Good to know at least that it works! I’m also interested in in any deployment scripting (docker compose files, ansible playbooks, whatever you’ve been using) that you might be able to share?

Most of my scripts are highly integrated, I’ll see what I can share… Most of them are pretty simple bash scripts.

My docker swarm uses portainer as the main interface, and I have a personal git repository so I just schedule pulling from there automatically. That takes care of rollbacks too… I’m in the middle of doing some automated testing once a new set of git versions are pushed so I can save the whole list of versions and if no action is taken in an amount of time the versions are rolled back until latest stable version. Having stuff split into the smallest possible chunks and a bit of creative coding does ensure that if something breaks in only affects a minimal part of the system…

For example this is to check if something is mounted and start/stop docker service. Instead of start/stop you could consider putting the node in drain mode.

mount="/mnt/shared"
mounttype="/mnt/shared fuse.glusterfs rw"

if grep -qs "$mount" /proc/mounts; then
  echo "It's mounted."
else
  echo "It's not mounted."
  mount "$mount"
  if [ $? -eq 0 ]; then
   echo "Mount success!"
  else
   echo "Something went wrong with the mount..."
  fi
fi

mountok=0

if grep -qs "$mounttype" /proc/mounts; then
  mountok=1
fi


if [ "$mountok" -eq 1 ]; then
  echo "Making sure docker is started"
  if pgrep -x "dockerd" > /dev/null; then
    echo ".. running"
  else
    echo ".. starting .."
    systemctl start docker
    echo ".. done"
  fi
else
  echo "Making sure docker is stopped"
  if pgrep -x "dockerd" > /dev/null; then
    echo ".. running .."
    systemctl stop docker
    echo ".. done"
  else
    echo ".. stopped"
  fi

fi

I will take a look and try to make a github repository with the scripts.

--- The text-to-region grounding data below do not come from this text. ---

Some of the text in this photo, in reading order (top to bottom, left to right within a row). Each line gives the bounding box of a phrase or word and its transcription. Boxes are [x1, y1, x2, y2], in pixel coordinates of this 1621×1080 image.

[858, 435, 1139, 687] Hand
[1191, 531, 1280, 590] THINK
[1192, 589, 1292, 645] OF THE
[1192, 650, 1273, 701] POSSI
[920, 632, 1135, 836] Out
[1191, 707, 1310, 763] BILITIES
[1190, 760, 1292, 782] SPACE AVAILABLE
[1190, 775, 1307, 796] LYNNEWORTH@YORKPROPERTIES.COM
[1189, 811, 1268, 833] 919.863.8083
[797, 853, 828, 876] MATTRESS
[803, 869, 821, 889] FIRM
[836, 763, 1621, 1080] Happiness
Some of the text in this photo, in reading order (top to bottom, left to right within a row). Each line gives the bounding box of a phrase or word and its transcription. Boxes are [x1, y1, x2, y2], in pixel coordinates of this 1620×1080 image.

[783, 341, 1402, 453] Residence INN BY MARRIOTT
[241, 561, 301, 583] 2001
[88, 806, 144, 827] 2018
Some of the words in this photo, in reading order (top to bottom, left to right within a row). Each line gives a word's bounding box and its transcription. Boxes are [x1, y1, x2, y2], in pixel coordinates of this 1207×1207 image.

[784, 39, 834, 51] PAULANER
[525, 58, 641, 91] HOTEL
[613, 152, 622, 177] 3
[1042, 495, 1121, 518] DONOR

If you start with the pi’s and need more power, you can always add x64 nodes and do a gradual roll-out…

As a side-note, be careful of brain-splits, if a swarm node seems unable to rejoin the swarm, leave it for a couple of hours (4-6) before trying to manually fix it… most of the time it fixes by itself and if you do anything, the whole cluster will be broken…

I’m not completely satisfied with docker, when the swarm breaks (without touching it at all for weeks at a time) you kinda need to re-build it. So the best thing you can do is to have a script to bootstrap all the stacks / containers / services / etc, otherwise you will end up very angry one late night (because it never breaks when you have time to fix it) - being able to destroy the swarm, create it again, join the other nodes and run the bash/perl/whatever script to setup everying is worth its weight in platinum, even if it’s tedious to do at first… by the time the 3rd time the swarm craps itself you’ll thank yourself

I’m considering trying to do another small cluster as a proof of concept, but I’ll probably use banana pi’s (or other versions) with a sata controller for better speeds and reliability - I would not recommend keeping too big of a database on the sd cards…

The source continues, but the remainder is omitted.